Source records:
========================================================================

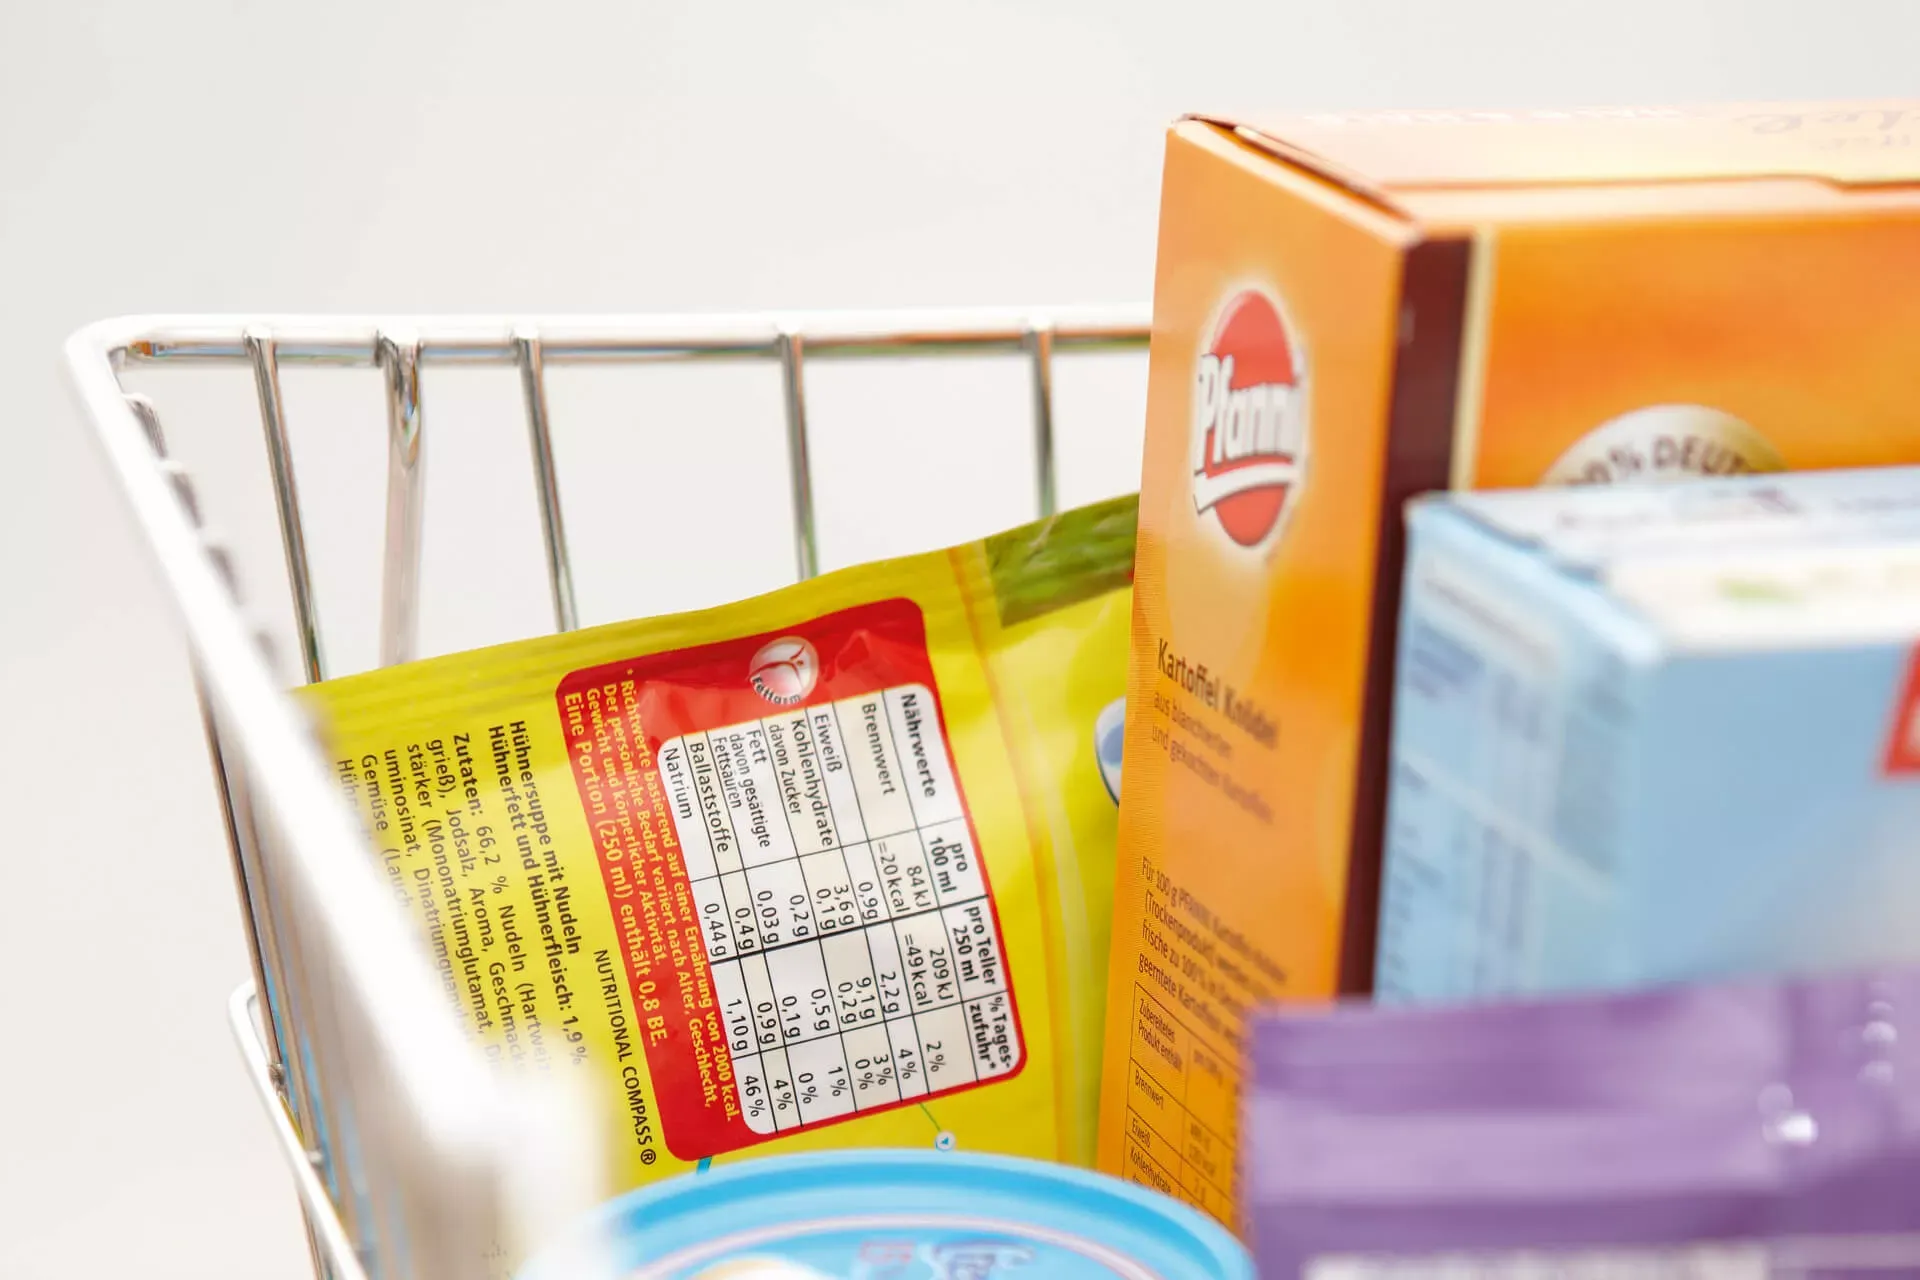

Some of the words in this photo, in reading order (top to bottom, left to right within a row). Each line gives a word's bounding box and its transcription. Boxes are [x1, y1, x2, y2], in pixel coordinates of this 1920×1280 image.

[602, 682, 619, 713] Der
[1157, 637, 1220, 712] Kartoffel
[563, 691, 585, 737] Eine
[585, 687, 612, 755] Gewicht
[619, 679, 651, 768] Richtwerte
[1153, 692, 1171, 717] aus
[605, 716, 644, 807] persönliche
[727, 733, 750, 776] davon
[745, 729, 767, 764] Fett
[813, 713, 843, 773] Eiweiß
[860, 702, 896, 795] Brennwert
[900, 693, 936, 797] Nährwerte
[452, 732, 483, 817] Zutaten:
[487, 724, 527, 831] Hühnerfett
[508, 719, 551, 846] Hühnersuppe
[573, 739, 607, 815] Portion
[601, 756, 623, 789] und
[662, 747, 692, 820] Natrium
[711, 736, 742, 809] Fettsäuren
[767, 723, 789, 773] davon
[779, 768, 801, 814] Zucker
[790, 718, 833, 846] Kohlenhydrate
[360, 753, 389, 832] Gemüse
[383, 748, 421, 857] uminosinat,
[642, 769, 676, 849] basierend
[688, 741, 732, 853] Ballaststoffe
[737, 778, 770, 848] gesättigte
[424, 738, 457, 799] grieß),
[444, 809, 477, 878] Jodsalz,
[468, 887, 494, 953] Aroma,
[474, 825, 501, 866] 66,2
[514, 833, 539, 871] und
[593, 818, 624, 862] (250
[611, 788, 647, 885] körperlicher
[635, 808, 662, 862] Bedarf
[928, 836, 949, 867] 100
[943, 842, 968, 873] pro
[490, 875, 509, 895] %
[542, 849, 564, 883] mit
[608, 865, 634, 899] ml)
[665, 851, 685, 878] auf
[905, 864, 925, 888] 84
[936, 870, 957, 894] ml
[1143, 856, 1155, 883] Für
[405, 743, 432, 808] stärker
[420, 818, 494, 1034] (Mononatriumglutamat,
[651, 865, 677, 926] variiert
[672, 881, 693, 922] einer
[886, 876, 911, 913] kcal
[912, 888, 931, 908] kJ
[497, 904, 527, 973] Nudeln
[526, 873, 574, 1012] Hühnerfleisch:
[551, 885, 582, 955] Nudeln
[619, 903, 651, 978] enthält
[637, 890, 667, 966] Aktivität.
[951, 924, 972, 956] 250
[1142, 919, 1169, 959] frische
[665, 928, 687, 968] nach
[683, 925, 713, 1009] Ernährung
[928, 947, 950, 980] 209
[962, 905, 985, 935] pro
[975, 936, 997, 985] Teller
[675, 970, 695, 1015] Alter,
[910, 969, 933, 1007] kcal
[935, 981, 954, 1001] kJ
[959, 958, 979, 982] ml
[637, 980, 660, 1012] 0,8
[988, 995, 1004, 1013] %
[561, 1014, 583, 1043] 1,9
[592, 948, 633, 1063] NUTRITIONAL
[621, 1065, 653, 1146] COMPASS
[645, 1014, 668, 1048] BE.
[704, 1010, 721, 1042] von
[986, 1012, 1018, 1068] Tages-
[687, 1017, 718, 1108] Geschlecht,
[711, 1043, 732, 1082] 2000
[720, 1082, 740, 1122] kcal.
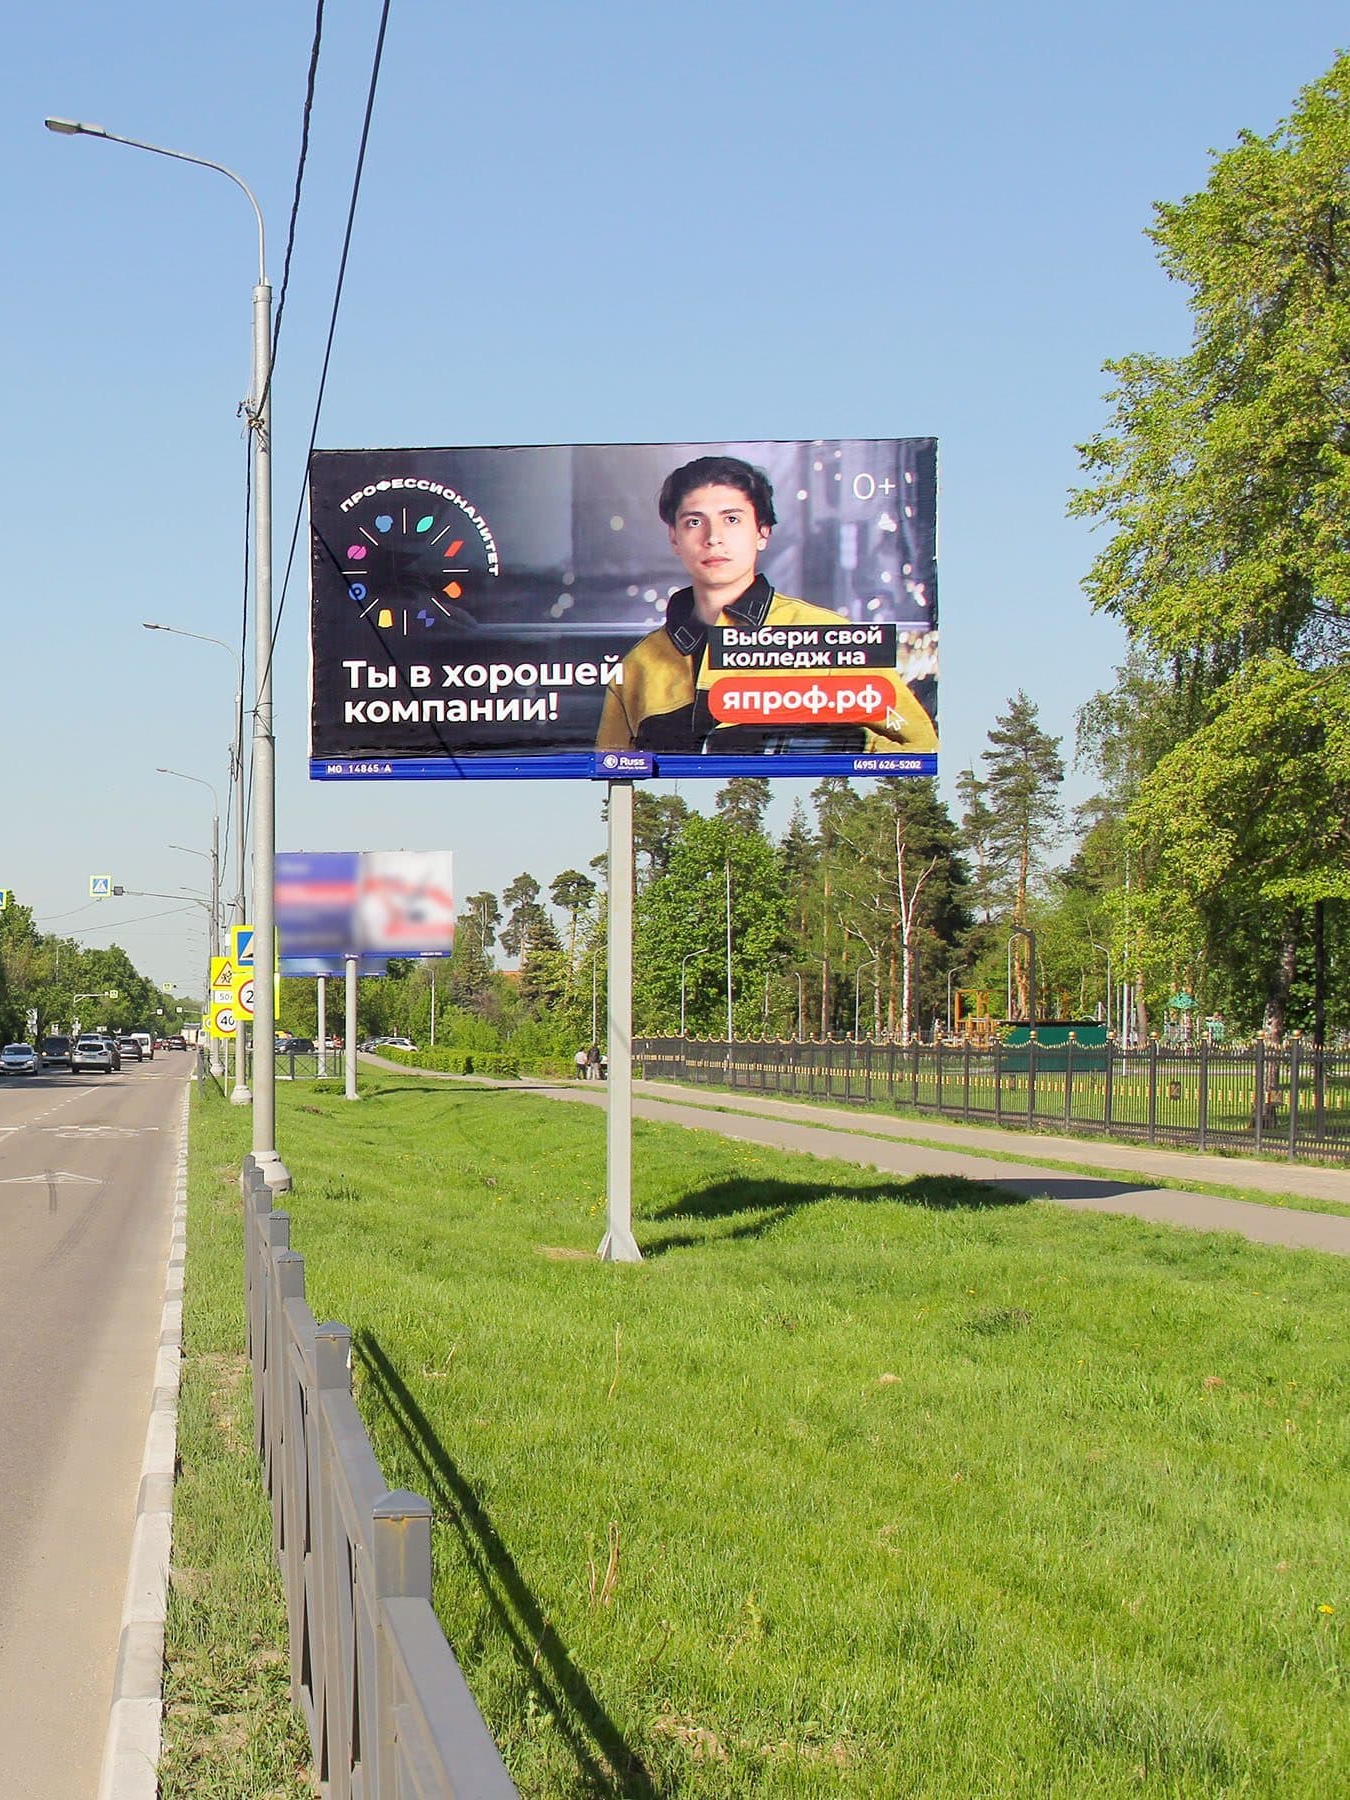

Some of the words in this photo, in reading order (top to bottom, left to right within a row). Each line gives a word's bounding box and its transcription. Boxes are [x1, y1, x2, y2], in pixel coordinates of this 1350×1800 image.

[853, 472, 896, 500] 0+
[339, 478, 499, 577] ПРОФЕССИОНАЛИТЕТ
[722, 626, 818, 649] Выбери
[825, 625, 882, 645] свой
[722, 649, 832, 669] колледж
[837, 649, 866, 665] на
[341, 660, 397, 689] Ты
[410, 665, 431, 687] в
[441, 654, 624, 693] хорошей
[343, 692, 559, 724] компании!
[722, 683, 883, 716] япроф.рф
[348, 764, 380, 773] 14865
[619, 756, 645, 766] Russ
[853, 760, 877, 770] (495)
[878, 760, 922, 769] 626-5202
[246, 990, 254, 1004] 2
[220, 1015, 235, 1026] 40

========================================================================

Task instructions: Pictures are to be omitted; otherwise, write out the data exactly as it appears.

Reply to the exercise:
Some of the words in this photo, in reading order (top to bottom, left to right within a row). Each line gives a word's bounding box and its transcription. Boxes are [x1, y1, x2, y2], in pixel coordinates of this 1920×1280 image.

[602, 682, 619, 713] Der
[1157, 637, 1220, 712] Kartoffel
[563, 691, 585, 737] Eine
[585, 687, 612, 755] Gewicht
[619, 679, 651, 768] Richtwerte
[1153, 692, 1171, 717] aus
[605, 716, 644, 807] persönliche
[727, 733, 750, 776] davon
[745, 729, 767, 764] Fett
[813, 713, 843, 773] Eiweiß
[860, 702, 896, 795] Brennwert
[900, 693, 936, 797] Nährwerte
[452, 732, 483, 817] Zutaten:
[487, 724, 527, 831] Hühnerfett
[508, 719, 551, 846] Hühnersuppe
[573, 739, 607, 815] Portion
[601, 756, 623, 789] und
[662, 747, 692, 820] Natrium
[711, 736, 742, 809] Fettsäuren
[767, 723, 789, 773] davon
[779, 768, 801, 814] Zucker
[790, 718, 833, 846] Kohlenhydrate
[360, 753, 389, 832] Gemüse
[383, 748, 421, 857] uminosinat,
[642, 769, 676, 849] basierend
[688, 741, 732, 853] Ballaststoffe
[737, 778, 770, 848] gesättigte
[424, 738, 457, 799] grieß),
[444, 809, 477, 878] Jodsalz,
[468, 887, 494, 953] Aroma,
[474, 825, 501, 866] 66,2
[514, 833, 539, 871] und
[593, 818, 624, 862] (250
[611, 788, 647, 885] körperlicher
[635, 808, 662, 862] Bedarf
[928, 836, 949, 867] 100
[943, 842, 968, 873] pro
[490, 875, 509, 895] %
[542, 849, 564, 883] mit
[608, 865, 634, 899] ml)
[665, 851, 685, 878] auf
[905, 864, 925, 888] 84
[936, 870, 957, 894] ml
[1143, 856, 1155, 883] Für
[405, 743, 432, 808] stärker
[420, 818, 494, 1034] (Mononatriumglutamat,
[651, 865, 677, 926] variiert
[672, 881, 693, 922] einer
[886, 876, 911, 913] kcal
[912, 888, 931, 908] kJ
[497, 904, 527, 973] Nudeln
[526, 873, 574, 1012] Hühnerfleisch:
[551, 885, 582, 955] Nudeln
[619, 903, 651, 978] enthält
[637, 890, 667, 966] Aktivität.
[951, 924, 972, 956] 250
[1142, 919, 1169, 959] frische
[665, 928, 687, 968] nach
[683, 925, 713, 1009] Ernährung
[928, 947, 950, 980] 209
[962, 905, 985, 935] pro
[975, 936, 997, 985] Teller
[675, 970, 695, 1015] Alter,
[910, 969, 933, 1007] kcal
[935, 981, 954, 1001] kJ
[959, 958, 979, 982] ml
[637, 980, 660, 1012] 0,8
[988, 995, 1004, 1013] %
[561, 1014, 583, 1043] 1,9
[592, 948, 633, 1063] NUTRITIONAL
[621, 1065, 653, 1146] COMPASS
[645, 1014, 668, 1048] BE.
[704, 1010, 721, 1042] von
[986, 1012, 1018, 1068] Tages-
[687, 1017, 718, 1108] Geschlecht,
[711, 1043, 732, 1082] 2000
[720, 1082, 740, 1122] kcal.

Some of the words in this photo, in reading order (top to bottom, left to right within a row). Each line gives a word's bounding box and its transcription. Boxes are [x1, y1, x2, y2], in pixel coordinates of this 1350×1800 image.

[853, 472, 896, 500] 0+
[339, 478, 499, 577] ПРОФЕССИОНАЛИТЕТ
[722, 626, 818, 649] Выбери
[825, 625, 882, 645] свой
[722, 649, 832, 669] колледж
[837, 649, 866, 665] на
[341, 660, 397, 689] Ты
[410, 665, 431, 687] в
[441, 654, 624, 693] хорошей
[343, 692, 559, 724] компании!
[722, 683, 883, 716] япроф.рф
[348, 764, 380, 773] 14865
[619, 756, 645, 766] Russ
[853, 760, 877, 770] (495)
[878, 760, 922, 769] 626-5202
[246, 990, 254, 1004] 2
[220, 1015, 235, 1026] 40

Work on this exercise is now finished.